We'd gone back to our B & B, had our naps and were back to our problem.

‘We need to talk to the chap,' said Alan. ‘More sherry?'

‘No, I've had quite enough, thank you. I wouldn't mind another couple of biscuits, though. How are we going to find him, to talk to him?'

‘Robin suggested Mr Lewison.'

‘He doesn't know him. He told me so, just before you came back this morning.'

‘He'll be on the parish rolls.'

‘They'll be kept in the church somewhere, probably under lock and key. I suppose there's always the phone book. There must be one downstairs somewhere.'

‘I'll look.' He put down his empty glass and left the room, to return after only a couple of minutes. ‘No listing for Guillot. He may use a mobile only; so many people do these days.'

‘Drat. I don't want to disturb Mr Lewison today. He has enough to deal with. That poor man didn't know what he was getting into when he took this temporary job!'

Alan ran a hand down the back of his head. He was thinking. ‘I wonder,' he said. ‘I don't want this to drag on too long. I have an uneasy feeling … Do you suppose we could find Martha Duckett? She would know where Guillot lives, and she'd be indignant about his attitudes, so she might tell us.'

‘That's a great idea, Alan. And I'll bet she's the old-fashioned type who still has a landline. I'll go down with you to look her up.'

Martha was in the phone book. She was at home. Yes, she said disapprovingly, she knew where Mr Guillot lived. (She pronounced his name ‘ghillet', to rhyme with skillet, another sign of her dislike, I thought.) No, she didn't have his phone number. Why would she want to call him? No, she didn't have the address, but she could tell us where his house was.

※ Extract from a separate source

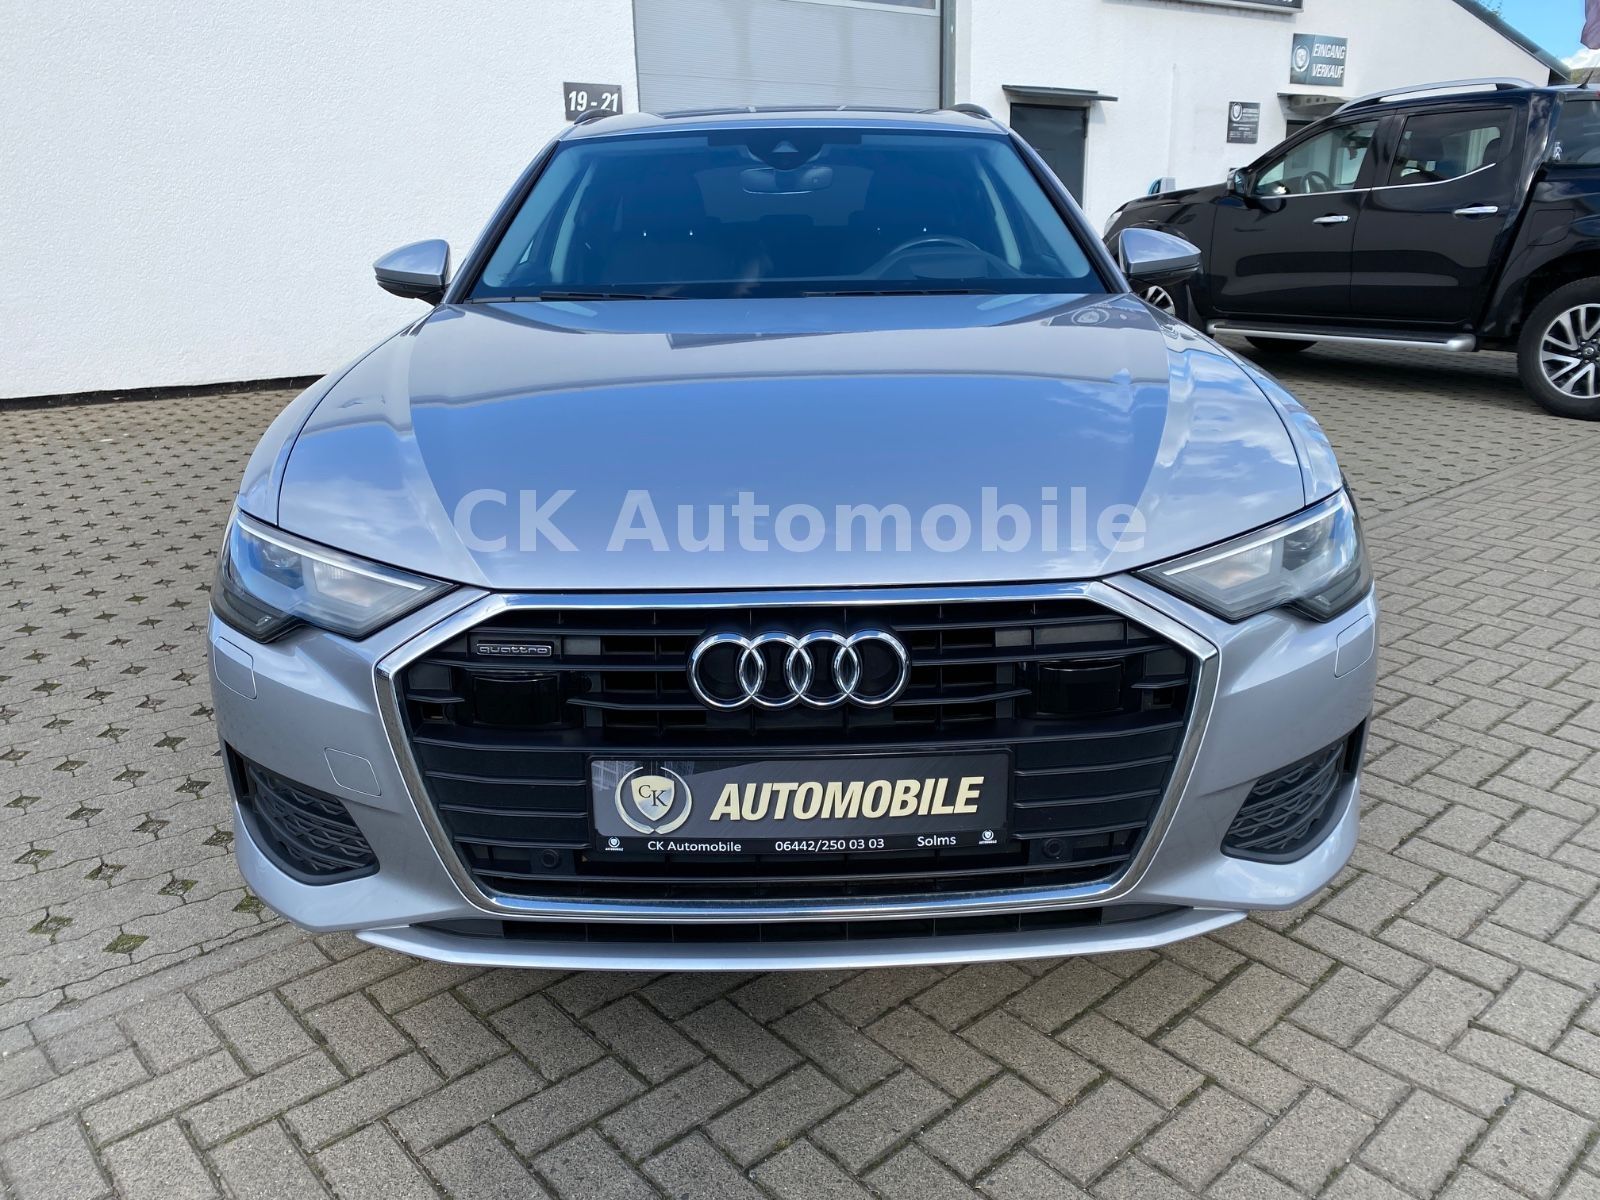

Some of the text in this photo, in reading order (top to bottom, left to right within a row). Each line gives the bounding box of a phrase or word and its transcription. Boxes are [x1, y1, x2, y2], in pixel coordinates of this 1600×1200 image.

‘Here, I'll let you speak to Alan. He's much better at directions than I am.'

He repeated them after her, and I began to write them down. They sounded complicated enough that I wished we had a better map, ours being sketchy in the extreme.

‘White with blue shutters and a red door. Right. Thank you so much.'

‘Sounds like we'll need to leave a trail of breadcrumbs,' I said when he'd rung off. ‘We should have bought an OS map.'

‘They're not always of much help in town. You jotted it all down?'

‘As soon as she had you turning off the High Street into something I couldn't spell. I suppose it must be French, like so much around here.'

‘And not even pronounced like proper French, but in the local patois.'

‘I wrote it down phonetically, as best I could.'

‘Ah, well. We can but try. How lost can we get on an island this size?'

‘We keep saying that, but I have my doubts. If it had sounded easy, I'd have been willing to start out right away, but it isn't easy and I'm not up to a hunt at this point. I'm hungry. Do you suppose the Thai place is open on Sundays? The food was really good.'

‘If not, we could always fall back on the takeaway we stashed in the fridge last night.'

‘It would be pretty awful cold, and I've never asked if we could use the microwave.'

‘Then let's go to Nellie Gray's. I know it's open on Sunday; the sign says so. And it's in the right direction; we can go from there on our search for Harold.'

‘You know what I'd really like to do? I'd like to sit down in our own kitchen in my bathrobe for leftover meatloaf and some brownies.'

Alan gave me a look.

‘All right, that's my grumble for the evening. Let me put on some decent pants and shoes, and we'll go do Indian.'

We had a light meal, which was very good, as I'd come to expect. I really do like Indian food; I was just being contrary, and besides, we'd had some last night. No matter. Onward and upward.

Literally. We toiled on up Victoria Street, turned left into the High Street, and then tried to follow Martha's directions.

Most of my transcriptions were wildly off, but we persevered with the help of the landmarks she had mentioned, finding ourselves eventually in something called La Brecque Philippe. ‘What do you suppose it means?' I asked.

‘Haven't the faintest. This would be old Norman French evolved into Alderney French, and I learned only the standard modern language. Look for a white house with blue shutters and a red door. Martha didn't know the number, but said it was quite a long way up the street.'

Like almost all Alderney streets, this one was on a slope. The grade wasn't too bad, but I was tired, and not looking forward to the conversation we hoped to have.

There were plenty of white houses, several with blue shutters, several with red doors. We finally came to one with both.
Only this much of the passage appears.